Now there is a reason why you have to watch out for the weather. This is one steep set of stairs, not always in good condition, and sometimes made out of granite rocks rather than concrete. In other words, in the rain (or fog), you will slip. Badly. And it is a long way down. Still, this was the only way to get to the valley floor and see the living root bridge. So my friend and I walked down each step, chatting, sipping on water and chewing on kwai but wary of the steps that we were walking on. We eventually came to a village, and much to our mistake, decided to turn left. On and on we went until we realised that wandering through jungle was just not going to get us nearer to that famed bridge.
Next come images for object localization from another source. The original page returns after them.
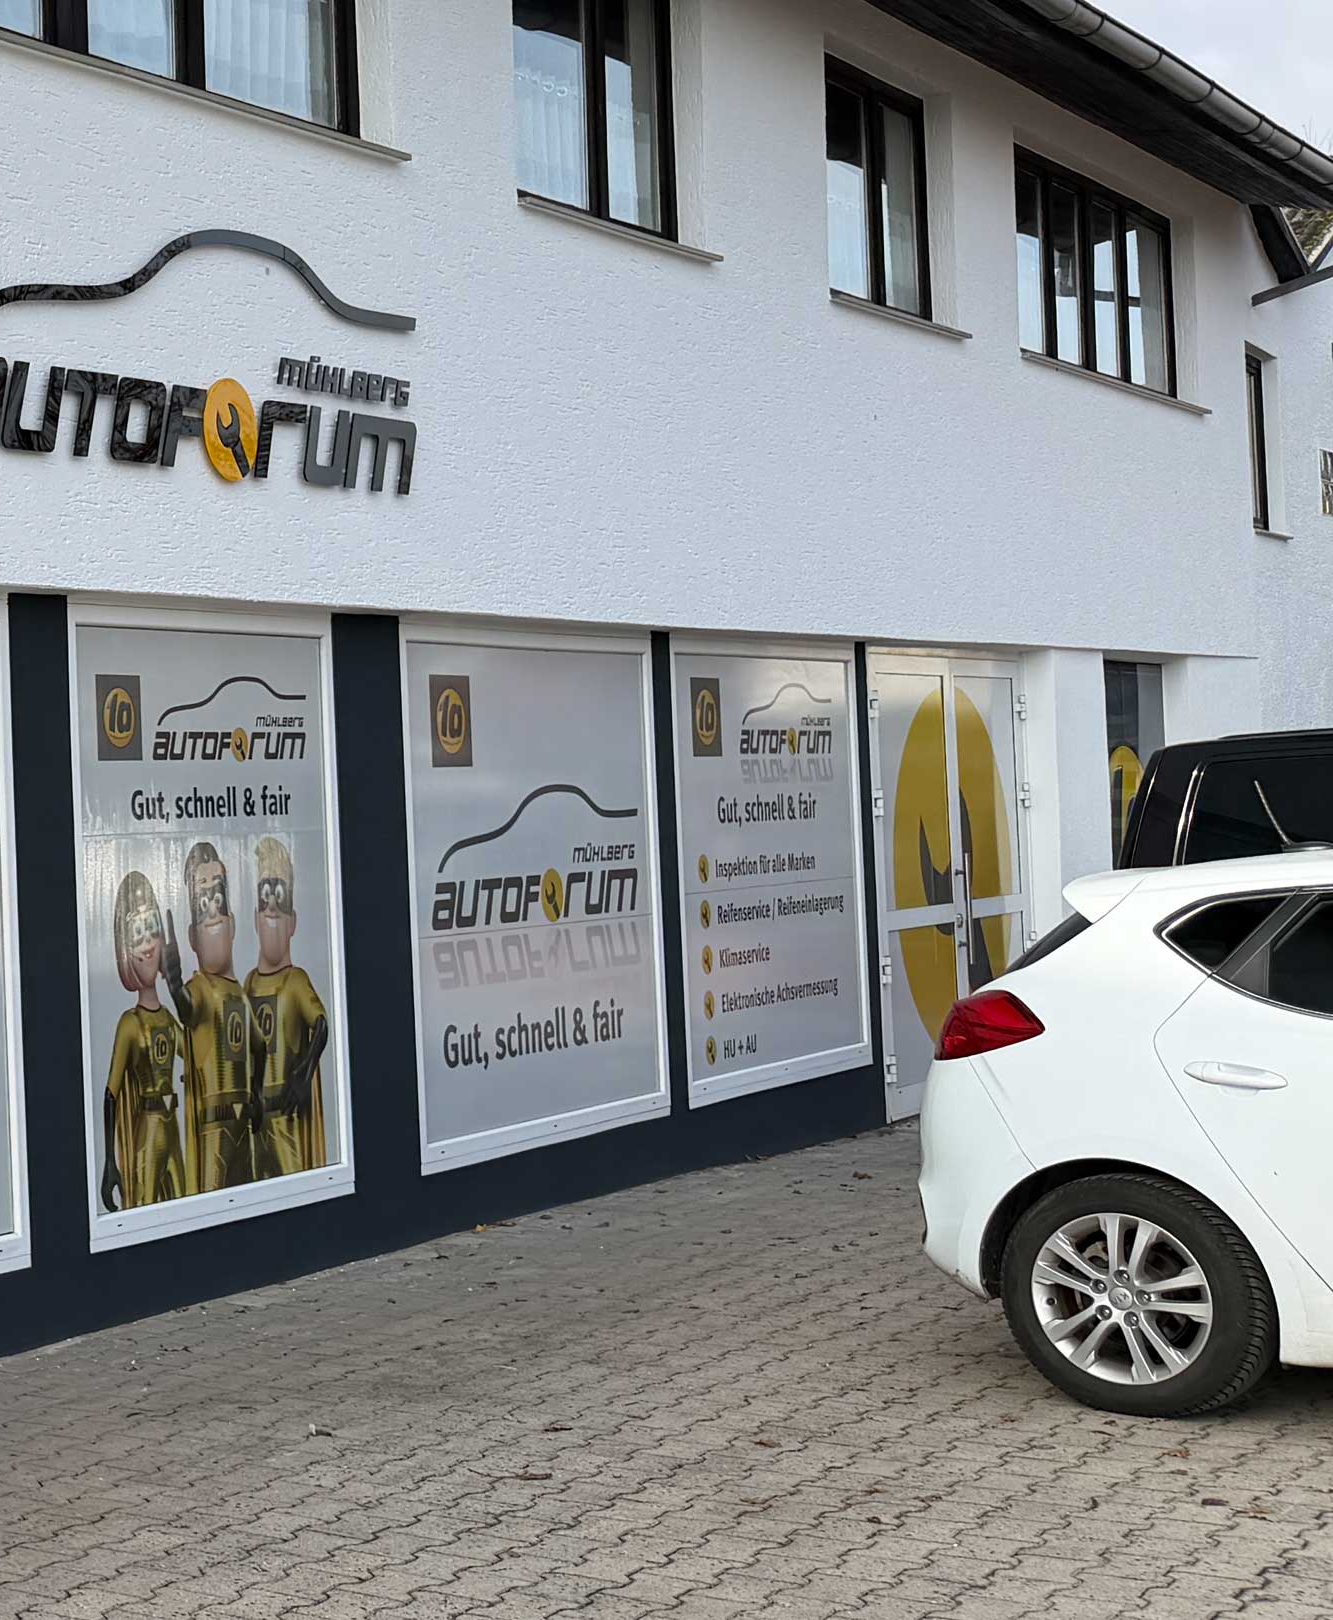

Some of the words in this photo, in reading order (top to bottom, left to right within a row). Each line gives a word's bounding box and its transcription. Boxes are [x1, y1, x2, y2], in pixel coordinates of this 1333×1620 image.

[132, 790, 169, 823] Gut,
[175, 786, 236, 818] schnell
[243, 788, 256, 817] &
[261, 785, 291, 816] fair
[717, 796, 742, 827] Gut,
[745, 793, 784, 823] schnell
[787, 794, 797, 820] &
[799, 792, 816, 819] fair
[716, 857, 758, 881] Inspektion
[759, 855, 770, 875] für
[772, 854, 785, 873] alle
[788, 852, 815, 871] Marken
[717, 900, 771, 924] Reifenservice
[778, 893, 844, 916] Reifeneinlagerung
[720, 943, 770, 968] Klimaservice
[722, 987, 775, 1013] Elektronische
[776, 977, 838, 1002] Achsvermessung
[444, 1024, 488, 1070] Gut,
[495, 1006, 568, 1060] schnell
[573, 1008, 588, 1047] &
[593, 998, 623, 1043] fair
[724, 1038, 736, 1059] HU
[746, 1034, 757, 1053] AU
We were tired. The heat was killing us both. There was a hunger in the stomach and pain in our legs. But there was also something calling to us. The unknown, a willingness to explore and the knowledge that our destination was so close. So we headed back to were the path diverged and took the right hand path. In a few minutes, we arrived at a village and we heard the water from a nearby river. Sure enough, ahead of us, stood the first of many living root bridges that dotted this part of the world:
Yeah, I was a believer. These living root bridges really did exist. And my goodness, it was scary to cross. There was a bit of shaking, and those rapids beneath were terrifying as they were loud. But they were a crossing point, and something that definitely put a few hairs on my chest. Amazing, as these bridges could live up to 200 years. Amazing, as despite all the modern technology available, these would outlast the modern steel footbridges that were placed elsewhere in the valley. Amazing as this was a piece of human ingenuity from the depths of antiquity. How long have people been tapping the roots of these vast trees to cross the river? When was this discovered? And it is interesting to see its spread along this part of India. The local interactions, the flow of knowledge across the land. An anthropological feast for the senses as well as a feat of engineering, merging a biological and ecological wonder into a humble bridge for local residents to go about their daily business.
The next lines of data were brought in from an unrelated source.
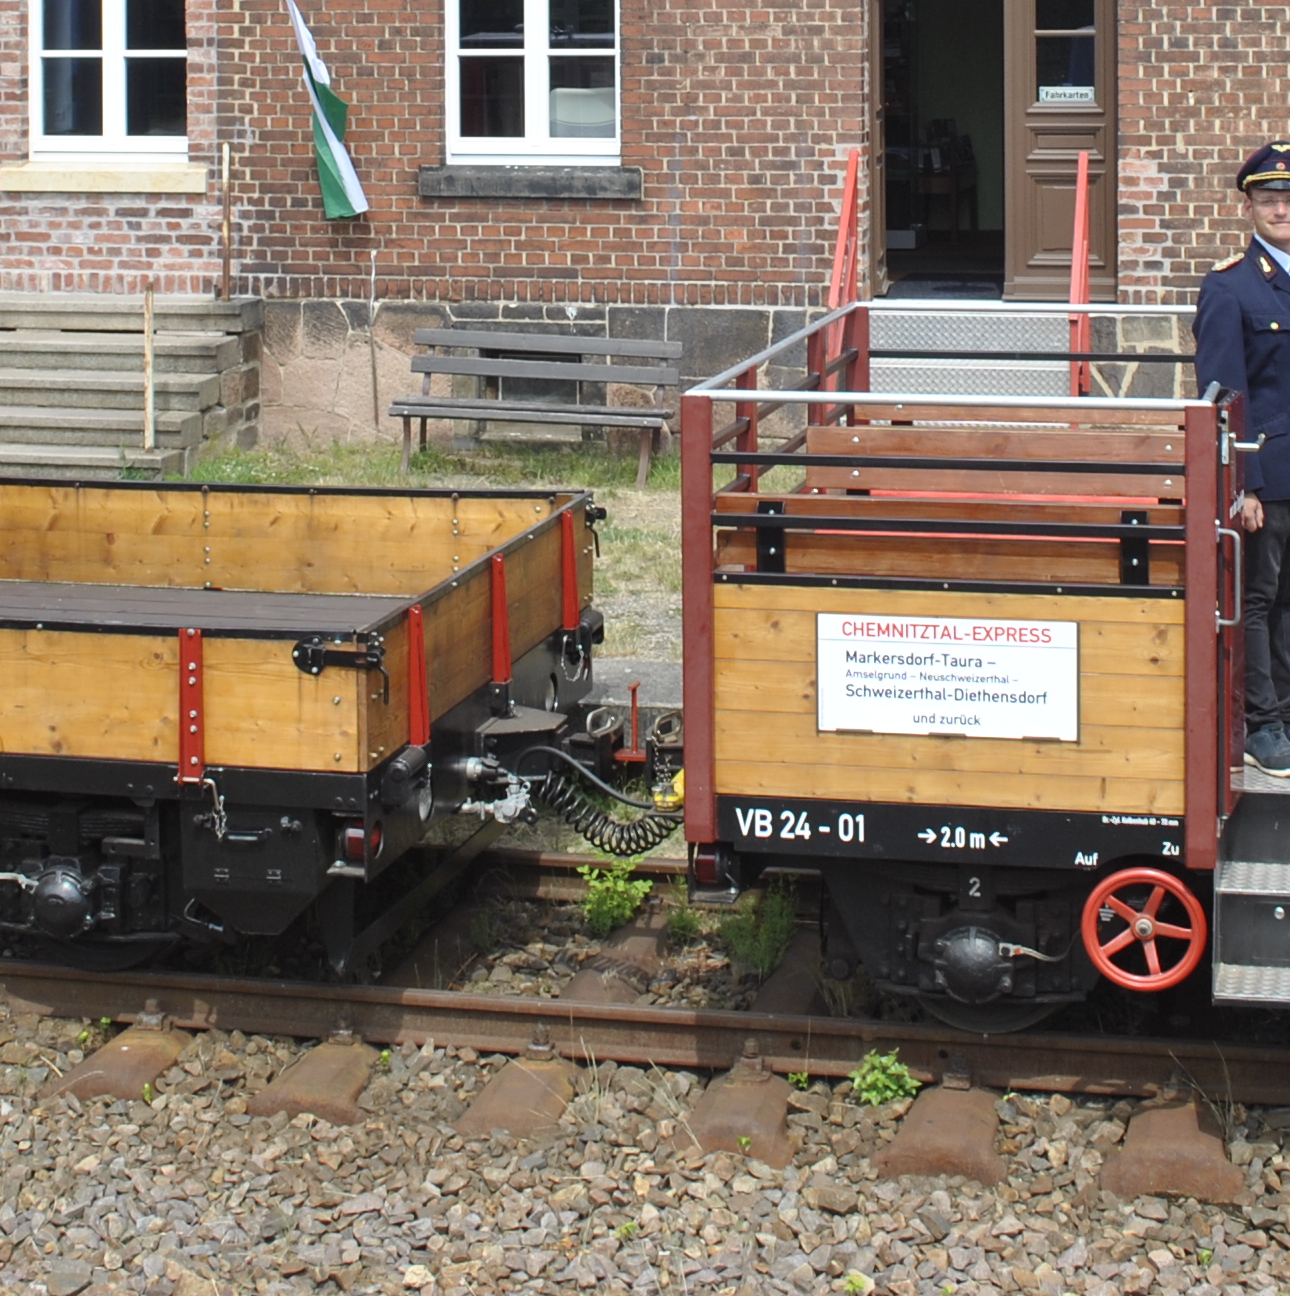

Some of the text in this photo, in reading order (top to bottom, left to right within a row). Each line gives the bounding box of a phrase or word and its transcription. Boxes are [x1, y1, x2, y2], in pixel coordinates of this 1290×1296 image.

[841, 621, 1052, 643] CHEMNITZTAL-EXPRESS
[845, 650, 983, 668] Markersdorf-Taura
[845, 669, 907, 681] Amselgrund
[919, 672, 1009, 684] Neuschweizerthal
[845, 684, 1047, 704] Schweizerthal-Diethensdorf
[913, 713, 981, 726] und zurück
[735, 807, 773, 838] VB
[779, 810, 811, 840] 24
[838, 813, 865, 843] 01
[940, 826, 986, 849] 2.0 m
[1162, 841, 1180, 856] Zu
[1074, 851, 1098, 866] Auf
[968, 877, 981, 897] 2
But…ah yes, there is always a but…there was another bridge that I wanted to see. And it was in the next village. Time was running out. Climbing back up to the road would be no fun in the dark, but we had both come so far. So on we pressed, further into the forest, crossing stream after stream, some on those wonderful wooden bridges of the living trees and some on shaky modern suspension bridges of wire and concrete. But there was one bridge I had to see, unique in the world, and possibly the highlight of my trip to India. It was coming up to 5pm, the sun was fast descending behind the hills and time was limited as we virtually ran the rest of the way to Nongriat Village. Up a final set of steps, round a corner and suddenly, there it was, before my eyes, a wonder to behold!
Getting there and away:
There are plenty of root tree bridges in the Khasi and Janita Hills Districts of Meghalaya, but the ‘double deck’ living root bridge that is unique (yes, the only known double decker in the world – another record for India), is only found near Cherrapunjee. It is 13km from Cherrapunjee town, 8km by road and 5km by foot down some damn steep steps. Take good footwear, be prepared to go barefoot on the slippery granite parts and take supplies. Be prepared for wild weather and sudden changes, and to be blunt, you need to be fairly fit to do this. But the challenge is there, waiting to be discovered. And remember, there are people living here. If they can climb up and down those steps, so can you…enjoy it, respect it and love it!